What is Gastroesophageal Reflux Disease (GERD)?

Gastroesophageal Reflux Disease, or GERD, is a chronic disease that causes persistent heartburn and can be very painful. Symptoms other than abdominal pain are bad breath, a bitter taste in the mouth, excessive saliva, regurgitation and the presence of heartburn more than once a day. The highest incident group for GERD is infants. Because the symptoms which may indicate GERD are so common place and not associated with disease it is imperative to see a medical doctor for proper diagnosis and treatment. GERD is not simply bad heartburn but a medical condition with biological causes and treatment needs to be undertaken on a long term basis. And conversely although heartburn is usually the biggest indicator of GERD it is quite possible to present the condition without any heartburn at all.

 

What causes Gastroesophageal Reflux Disease (GERD)
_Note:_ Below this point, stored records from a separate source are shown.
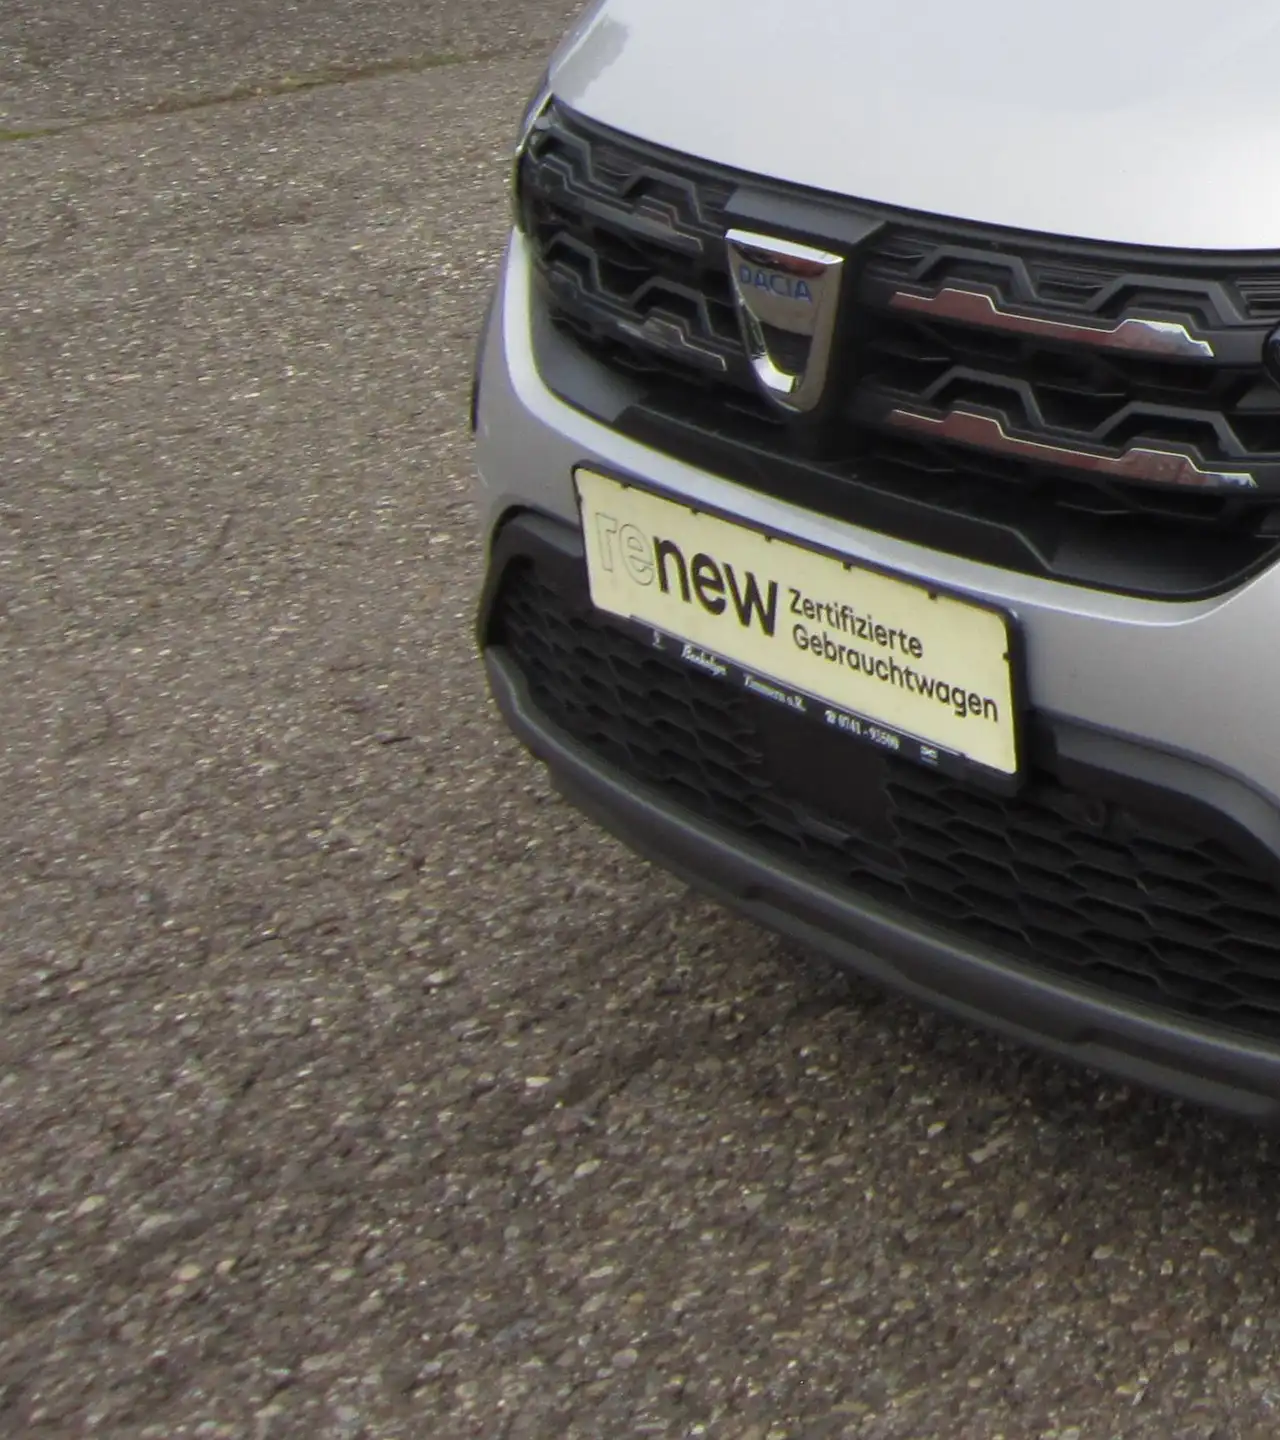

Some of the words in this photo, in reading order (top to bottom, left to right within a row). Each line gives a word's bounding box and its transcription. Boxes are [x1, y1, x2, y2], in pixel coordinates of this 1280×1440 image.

[739, 264, 813, 305] DACIA
[595, 511, 778, 638] renew
[789, 587, 924, 659] Zertifizierte
[792, 623, 998, 723] Gebrauchtwagen
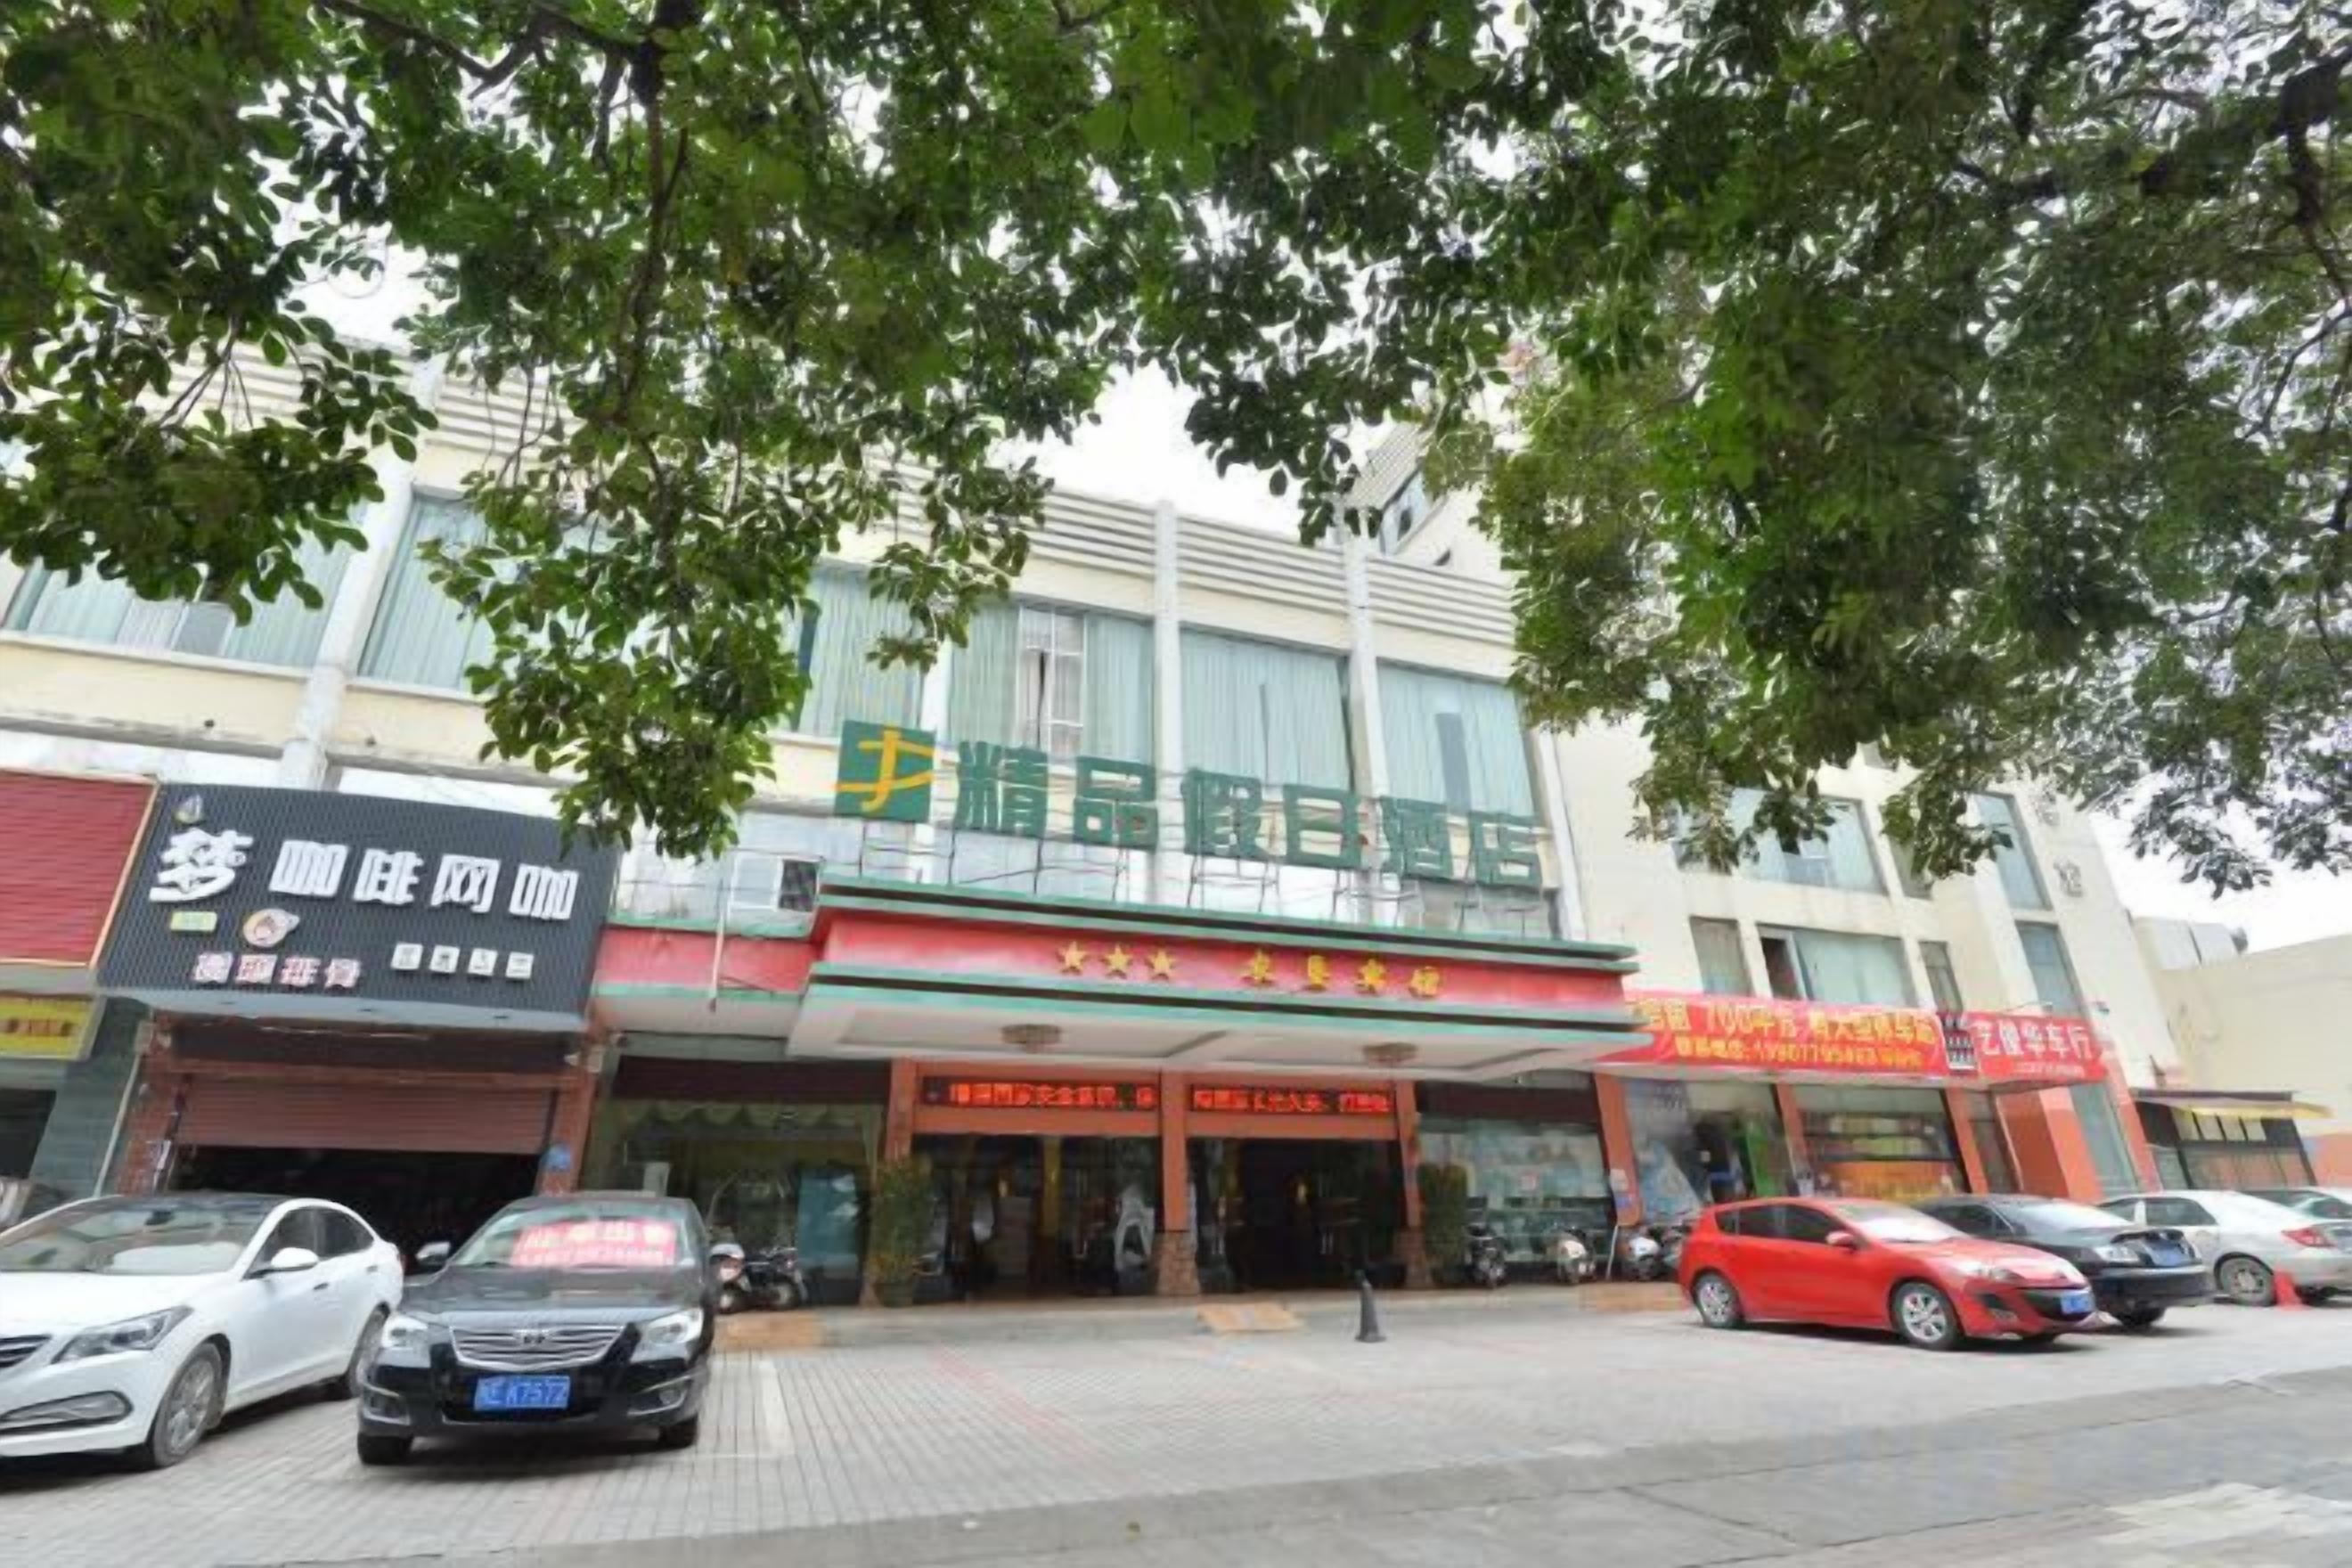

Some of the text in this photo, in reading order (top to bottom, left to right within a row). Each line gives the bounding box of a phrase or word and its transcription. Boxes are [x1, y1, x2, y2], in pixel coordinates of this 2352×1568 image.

At the end of the esophagus where it enters the stomach is a round muscle that is a one way valve. This valve is called the lower esophageal sphincter (LES) and its sole function is to prevent the food and stomach acid from flowing backwards up the esophagus toward the mouth. Although science can not provide an explanation as to why this sometimes happens, in about 7% of the population this valve malfunctions. When the valve doesn’t close properly that highly corrosive stomach acid is constantly leaking back into the esophagus. This condition is known as Gastroesophageal Reflux Disease, or GERD, and is more commonly referred to as acid reflux.

 

Treatment for Gastroesophageal Reflux Disease (GERD)

The two factors of salt intake and smoking are the leading aggravators of GERD. Alcohol, coffee, stress and greasy or oily foods also contribute. Along with lifestyle adjustments such as cutting out foods that antagonize GERD, eating smaller more frequent meals, not lying down for a couple hours after eating and maintaining a healthy body weight, your doctor may also use medications or in extreme cases surgery for effective treatment and relief from acid reflux disease. Once again if you suspect you are suffering from GERD, go and see a physician because it won’t go away by itself and can lead to more serious health issues.